Le genre yaoi se serait diffusé en Thaïlande dans les années 1990. Selon Poowin Bunyavejchewin, chercheur en chef à l’université Thammasat, à Bangkok, ces mangas auraient d’abord été vendus clandestinement par des éditeurs de la capitale et circulaient parmi les étudiantes, qui les lisaient en cachette :
Les Thaïlandaises, à qui l’on apprenait à être des ‘bonnes filles’, des ‘bonnes mères’, des ‘bonnes épouses’, et à dissimuler leurs désirs, soutenaient avec ferveur l’homosexualité masculine, qu’elles voyaient comme l’abolition des barrières entre les sexes, comme un symbole de liberté et d’égalité.”
Bientôt un vent de liberté sur le Japon ?
“Alors que le Japon compte quantité d’excellentes œuvres BL, elles sont longtemps restées inconnues des non-initiés”, indique Junko Kaneda, chercheuse spécialisée en yaoi et BL. Au Japon, les “soupçons” d’homosexualité qui portent sur telle ou telle célébrité sont en effet montés en épingle par les médias sensationnalistes, et dans les récits d’amour gay, l’accent est parfois mis sur les sentiments amoureux sans mettre en avant l’homosexualité. Pour Junko Kaneda, le “climat discriminatoire à l’égard de l’homosexualité” a rendu difficile la production de séries télévisées BL au Japon. Elle confie : “J’envie la grande liberté avec laquelle les Thaïlandais expriment leurs fantasmes dans les séries BL, qui prennent leurs racines au Japon.”

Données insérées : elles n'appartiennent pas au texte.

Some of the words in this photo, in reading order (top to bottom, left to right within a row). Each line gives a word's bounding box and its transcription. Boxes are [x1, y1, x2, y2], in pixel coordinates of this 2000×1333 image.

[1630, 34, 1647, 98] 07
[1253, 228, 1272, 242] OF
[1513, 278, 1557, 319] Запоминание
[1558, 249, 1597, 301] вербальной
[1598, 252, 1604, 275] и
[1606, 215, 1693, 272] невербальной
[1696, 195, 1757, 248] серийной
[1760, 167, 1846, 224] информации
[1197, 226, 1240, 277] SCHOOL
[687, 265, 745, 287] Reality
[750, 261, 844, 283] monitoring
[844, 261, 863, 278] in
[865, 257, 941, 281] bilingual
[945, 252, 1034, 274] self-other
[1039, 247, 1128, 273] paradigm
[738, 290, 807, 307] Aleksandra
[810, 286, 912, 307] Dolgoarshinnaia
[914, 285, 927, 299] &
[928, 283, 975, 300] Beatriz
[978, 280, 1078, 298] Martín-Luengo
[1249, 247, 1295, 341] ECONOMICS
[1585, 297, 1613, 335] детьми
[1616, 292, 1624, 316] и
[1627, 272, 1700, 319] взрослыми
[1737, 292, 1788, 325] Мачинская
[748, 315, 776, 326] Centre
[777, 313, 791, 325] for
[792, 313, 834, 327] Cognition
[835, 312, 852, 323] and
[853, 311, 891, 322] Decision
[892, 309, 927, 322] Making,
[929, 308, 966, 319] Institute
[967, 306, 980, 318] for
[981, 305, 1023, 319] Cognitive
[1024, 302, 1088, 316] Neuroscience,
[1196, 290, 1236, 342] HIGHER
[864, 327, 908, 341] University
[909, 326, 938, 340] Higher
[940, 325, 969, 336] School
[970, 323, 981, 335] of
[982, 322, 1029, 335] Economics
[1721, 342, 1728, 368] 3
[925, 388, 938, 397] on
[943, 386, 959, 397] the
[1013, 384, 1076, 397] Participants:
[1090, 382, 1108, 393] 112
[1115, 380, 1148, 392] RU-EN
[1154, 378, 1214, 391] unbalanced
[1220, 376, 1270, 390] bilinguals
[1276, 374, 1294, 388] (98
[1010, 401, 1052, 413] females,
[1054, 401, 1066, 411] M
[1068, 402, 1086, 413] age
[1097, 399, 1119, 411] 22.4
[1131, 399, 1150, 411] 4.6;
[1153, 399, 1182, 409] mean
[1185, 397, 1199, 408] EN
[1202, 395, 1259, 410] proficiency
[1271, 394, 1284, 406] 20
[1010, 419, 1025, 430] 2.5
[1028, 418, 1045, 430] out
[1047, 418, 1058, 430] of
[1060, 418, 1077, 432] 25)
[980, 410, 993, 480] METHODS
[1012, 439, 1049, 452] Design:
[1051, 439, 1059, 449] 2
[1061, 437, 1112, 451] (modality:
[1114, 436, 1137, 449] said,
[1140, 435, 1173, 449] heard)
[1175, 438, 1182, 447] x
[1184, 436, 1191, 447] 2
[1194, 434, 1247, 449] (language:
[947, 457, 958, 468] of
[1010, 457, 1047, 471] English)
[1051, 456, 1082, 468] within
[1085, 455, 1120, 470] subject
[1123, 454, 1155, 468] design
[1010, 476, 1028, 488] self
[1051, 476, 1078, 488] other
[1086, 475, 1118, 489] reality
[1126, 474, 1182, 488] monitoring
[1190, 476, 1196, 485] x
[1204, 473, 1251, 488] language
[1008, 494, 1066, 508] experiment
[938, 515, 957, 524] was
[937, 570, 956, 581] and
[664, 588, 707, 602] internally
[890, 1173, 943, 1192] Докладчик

Naoya Maekawa, chercheur en études de genre et maître de conférences associé à l’université de Fukushima, acquiesce :
Les œuvres BL, produites en masse en Thaïlande, se diffusent largement. J’espère que ce sera l’occasion de voir au Japon davantage de séries qui reflètent toute la diversité sexuelle et non la seule hétérosexualité.”
Repères
BOYS’ LOVE
C’est le nom donné, au Japon, aux mangas, animes et autres fictions qui mettent en scène des relations sentimentales entre garçons. Les productions Boys’ Love (“amours entre garçons”), ou yaoi, s’adressent en principe à un public féminin, tandis que les fictions Men’s Love (“amours entre hommes”) sont destinées à un public gay et masculin. L’équivalent féminin du BL est le yuri, ou Girls’ Love (“amours entre filles”).
LA SÉRIE “2GETHER”
Diffusée au printemps dernier en Thaïlande, cette série très populaire, adaptée d’un roman, narre la romance naissante de deux étudiants, Tine (Metawin Opas-iamkajorn) et Sarawat (Vachirawit Chiva-aree). Grâce à YouTube, elle a connu le succès dans de nombreux pays d’Asie du Sud-Est, et au-delà. Au Japon, elle a été diffusée sur la chaîne privée Wowow. “Si la pandémie de Covid-19, qui a contraint les gens à rester chez eux, a contribué à son succès, ce dernier est également dû à l’alchimie entre les deux acteurs principaux”, déclare le producteur Noppharnach Chaiwimol, interrogé par l’Asahi Shimbun. Il revient sur la façon dont a été organisé le tournage : “En Thaïlande, lorsque des acteurs hétérosexuels jouent des rôles BL, les tournages sont préparés avec un soin tout particulier. Dans quel type d’environnement les personnages évoluent-ils ? Que ressentent-ils ? Pour obtenir un jeu plus naturel, nous échangeons souvent en nous appuyant sur leurs expériences personnelles. La Thaïlande est plus ouverte à la diversité sexuelle que le Japon, et on peut se réjouir que les deux principaux acteurs de la série aient fait preuve de compréhension pour incarner des personnages homosexuels.”